Aggravated burglary

Aggravated burglary is capable of being dealt with summarily (provided the accused consents to jurisdiction) because of Schedule 2 of the Criminal Procedure Act 2009.

If it wasn’t specifically included at clause 4 the offence wouldn’t be triable summarily, because the 25 year maximum sentence far exceeds the limit allowed the Magistrates’ Court of Victoria by s 28.

Not all types of aggravated burglary can be dealt with summarily, though. Schedule 2 clause 4.7 provides,

4.7 Offences under section 77 of the Crimes Act 1958 (aggravated burglary), if the offence involves an intent to steal property the amount or value of which does not in the judgment of the court exceed $100 000.

A similarly worded provision relating to simple burglary is found just above it at sub-clause 4.6. Consequently, an aggravated burglary where the burglar has an intention to steal may be dealt with summarily, but a burglary where they have the intention to assault or damage cannot: DPP v Vergios [2004] VSC 97.

The two circumstances of aggravation provided in the Act are,

a) at the time has with him or her any firearm or imitation firearm, any offensive weapon or any explosive or imitation explosive; and

(b) at the time of entering the building or the part of the building a person was then present in the building or part of the building and he or she knew that a person was then so present or was reckless as to whether or not a person was then so present.

In DPP v Woodward [2006] VSC 299 a magistrate dismissed a charge of aggravated burglary because, although it was admitted that the accused was carrying a pocket knife with him at the time of the burglary, he considered it did not meet the definition of an offensive weapon. On judicial review Cavanough J found that there was no error on the face of the record, but stressed [at 47] that his finding was not conclusive on the point. There is more judicial consideration of the status of pocket knives in R v Pope [2000] VSCA 108, referring to Wilson v Kuhl; Ryan v Kuhl [1979] VR 315 which involved a carving knife.

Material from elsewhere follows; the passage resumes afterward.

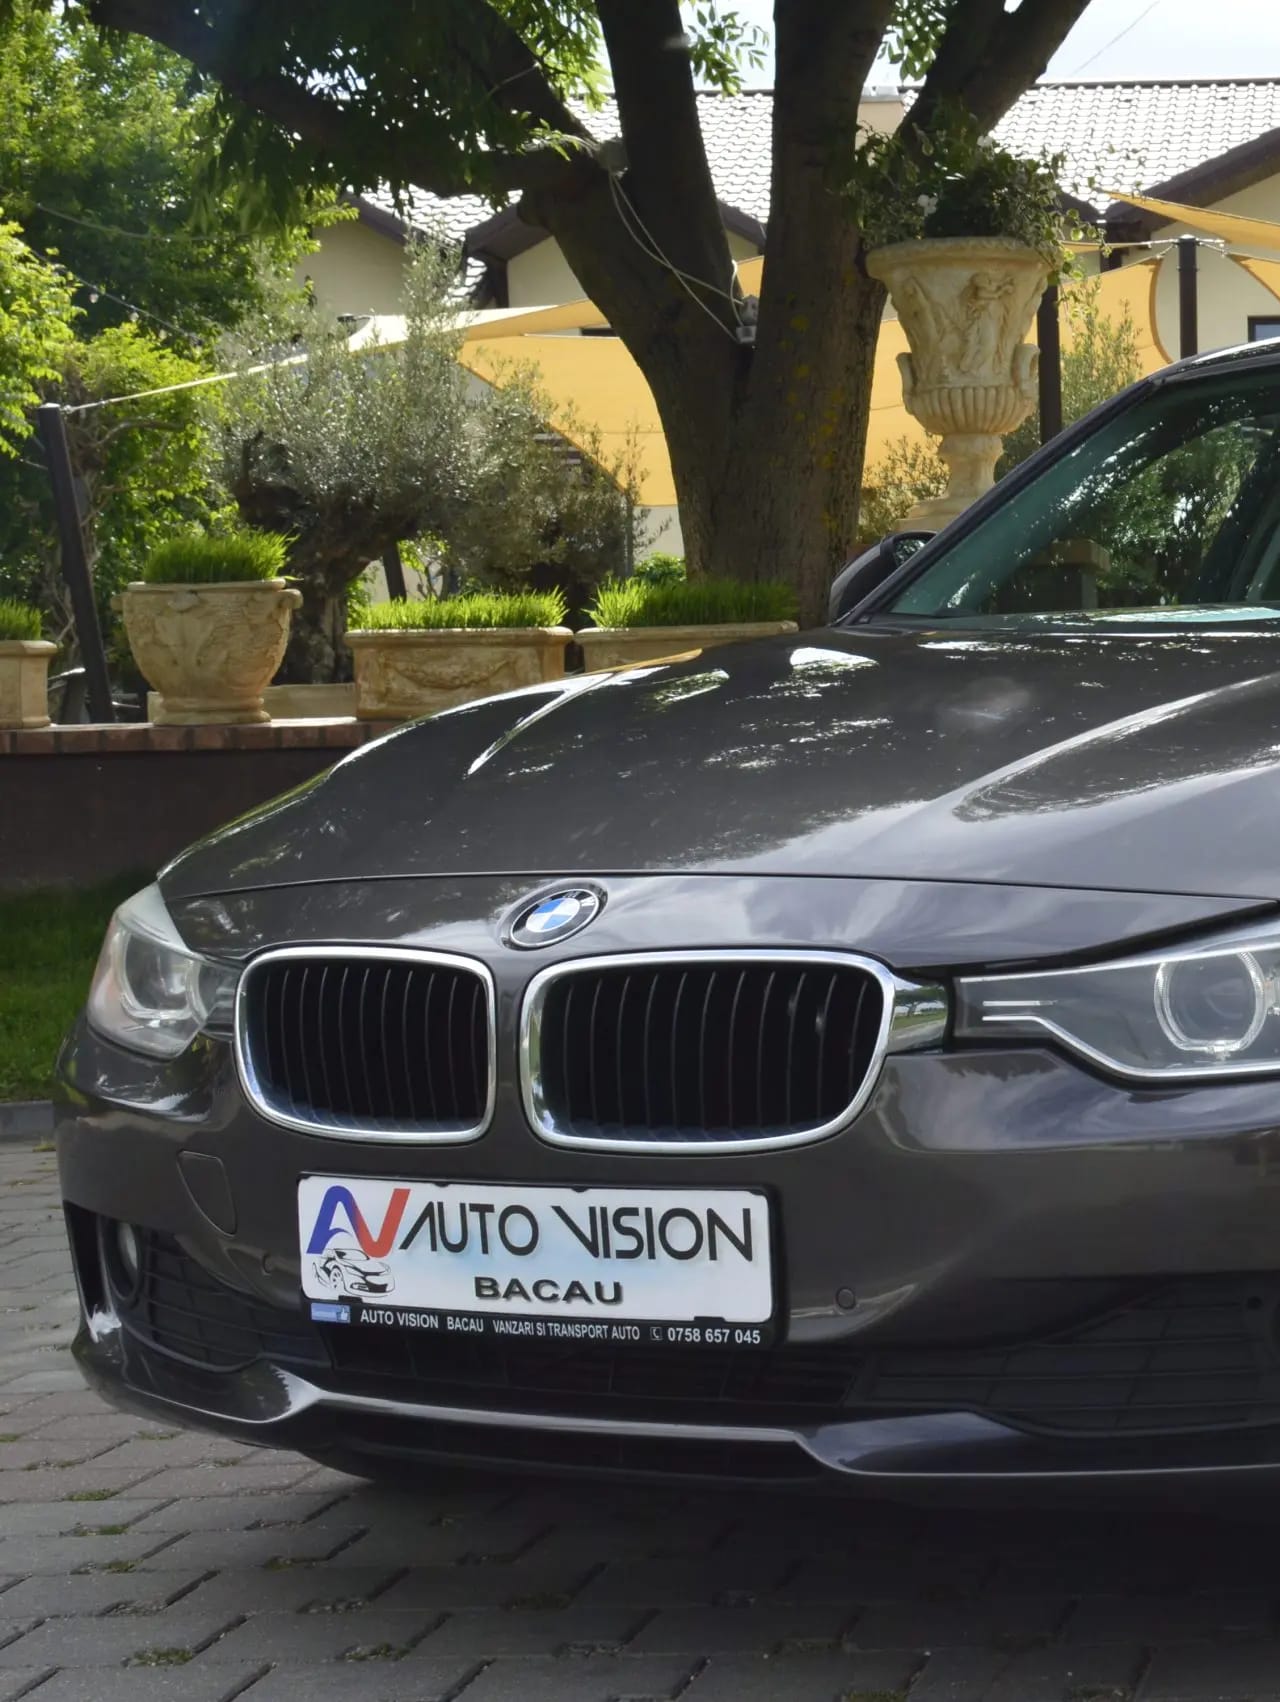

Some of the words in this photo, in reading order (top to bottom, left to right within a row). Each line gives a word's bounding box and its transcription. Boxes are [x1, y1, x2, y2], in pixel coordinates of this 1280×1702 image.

It’s not necessary for the burglar to have originally acquired the item with the intention of using it offensively, provided such an intention existed at the time of the burglary: R v Nguyen [1997] 1 VR 551.

UK authorities (considering legislation similar to our own) favour the view that the time when being armed falls to be considered is at the time of theft rather than the time of entry. An intruder who arms himself with a weapon after entry is guilty of aggravated burglary: R v O’Leary (1986) 82 Cr App R 341. The offender entered the house unarmed but picked up a kitchen knife once inside and used it to force the occupier to hand over property. Similarly, where a burglar brandished a screwdriver he had brought with him when surprised by residents it was considered a weapon, although originally intended as a tool to gain entry: R v Kelly(1993) 97 Cr App R 245.